In this case, Mr. Bakash contended that he was wrongly removed as a named inventor on a patent. In 2006, when CIPO asked for evidence that Probiohealth was the legal representative of the inventors, one inventor assigned his rights, while Baksh refused. Probiohealth then removed those claims it thought were relevant to Mr. Baksh’s contribution. Mr. Baksh filed the removed claims as a divisional. That divisional was originally refused, but upheld on judicial review (summary here).
Probiohealth asked the Commissioner to remove Mr. Baksh as an inventor and the Commissioner agreed. Mr. Baksh challenged that decision on the basis that it was not supported by affidavit evidence. That challenge was eventually settled. However, Probiohealth then filed a second request to remove Mr. Baksh, this time supported by an affidavit of the other inventor. The Commissioner again removed Mr. Baksh. Mr. Baksh challenged that decision by both appeal and judicial review in the within case.

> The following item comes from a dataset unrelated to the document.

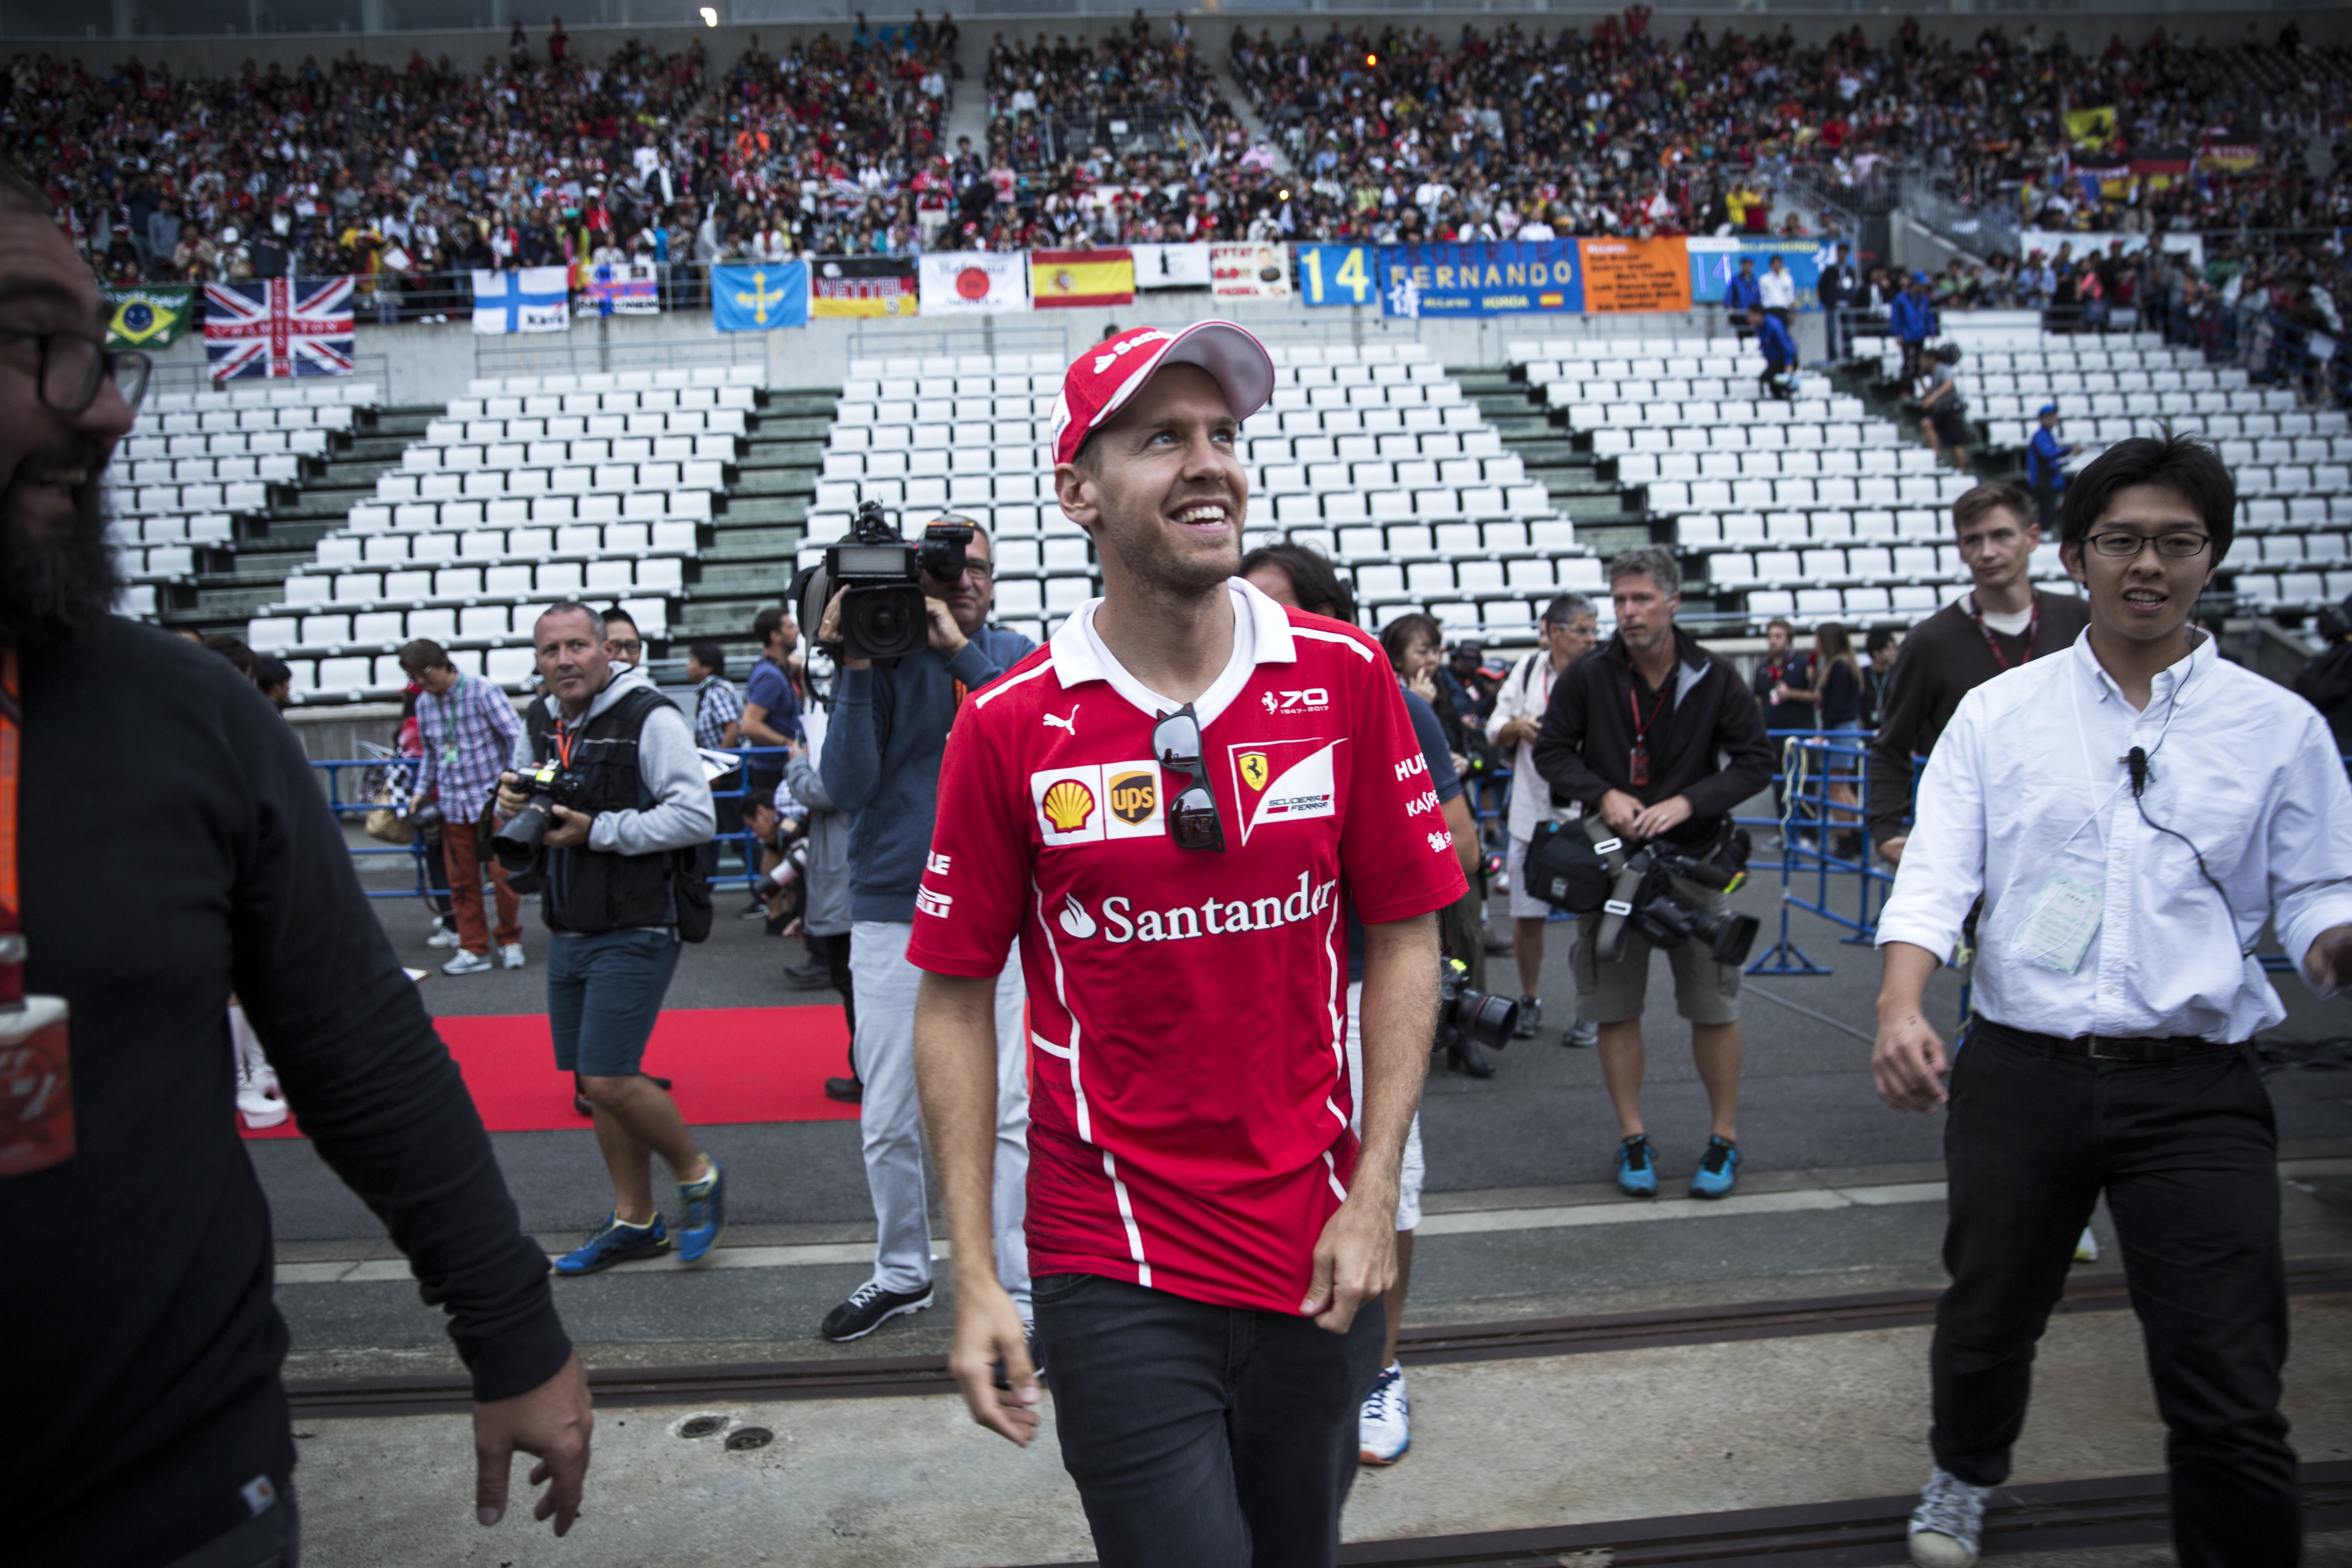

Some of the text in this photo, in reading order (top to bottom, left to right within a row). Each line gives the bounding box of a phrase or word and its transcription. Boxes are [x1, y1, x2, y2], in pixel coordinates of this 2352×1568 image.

The Court held that only parties to the original decision can appeal it. Thus, the proper course of action in this case is judicial review. Furthermore, the Court held that only evidence before the decision-maker can be considered on an application for judicial review. Thus Mr. Baksh’s affidavit from the previous judicial review, and the subsequent cross-examination were not considered. The Court held that the Commissioner was not estopped from removing Mr. Baksh as an inventor due to the previous settlement agreement, as in the previous case, it was clear that the settlement was because there was no affidavit evidence, not because the Commissioner was convinced that Mr. Baksh was an inventor. Furthermore, the Court held there was no unfairness to Mr. Baksh in not giving him an opportunity to make submissions in response to Probiohealth’s request. Finally, the Court held that the Commissioner’s decision was not unreasonable and dismissed the application.